**Requirement**
Reproduce each record verbatim, images excluded.

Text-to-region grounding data

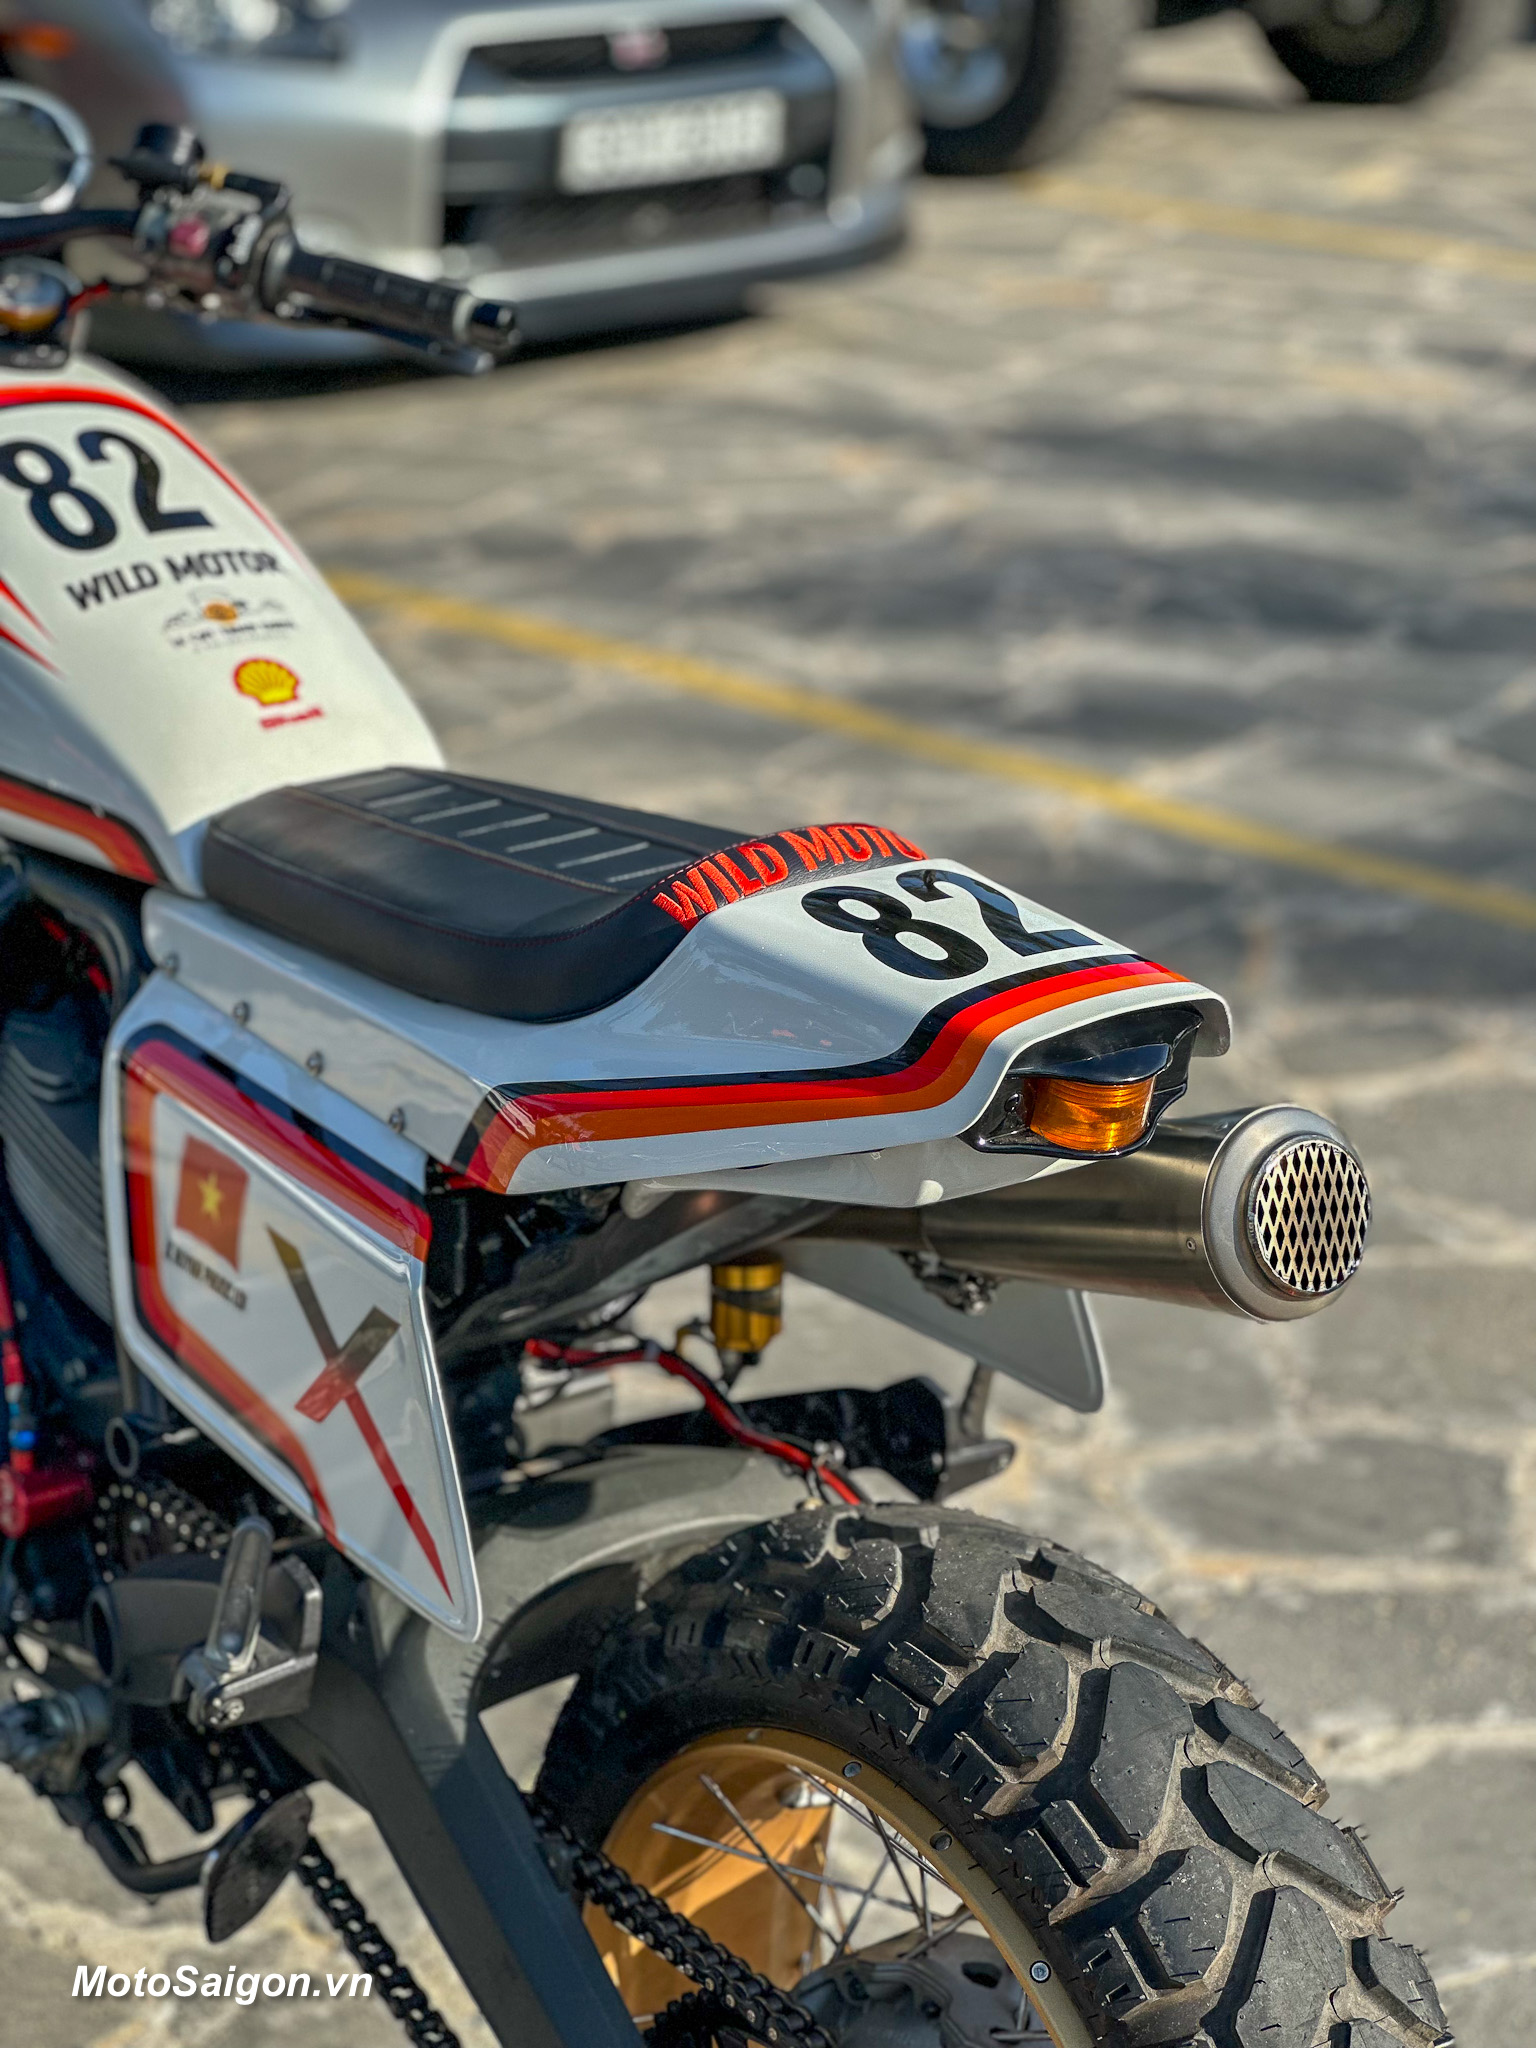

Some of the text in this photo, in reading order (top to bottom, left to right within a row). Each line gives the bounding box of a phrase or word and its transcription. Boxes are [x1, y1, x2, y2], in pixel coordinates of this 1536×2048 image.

[0, 430, 215, 551] 82
[65, 550, 282, 612] WILD MOTOR
[651, 841, 789, 932] WILD
[801, 868, 1104, 980] 82

**Reply**
Some of the text in this photo, in reading order (top to bottom, left to right within a row). Each line gives the bounding box of a phrase or word and its transcription. Boxes are [x1, y1, x2, y2], in pixel coordinates of this 1536×2048 image.

[0, 430, 215, 551] 82
[65, 550, 282, 612] WILD MOTOR
[651, 841, 789, 932] WILD
[801, 868, 1104, 980] 82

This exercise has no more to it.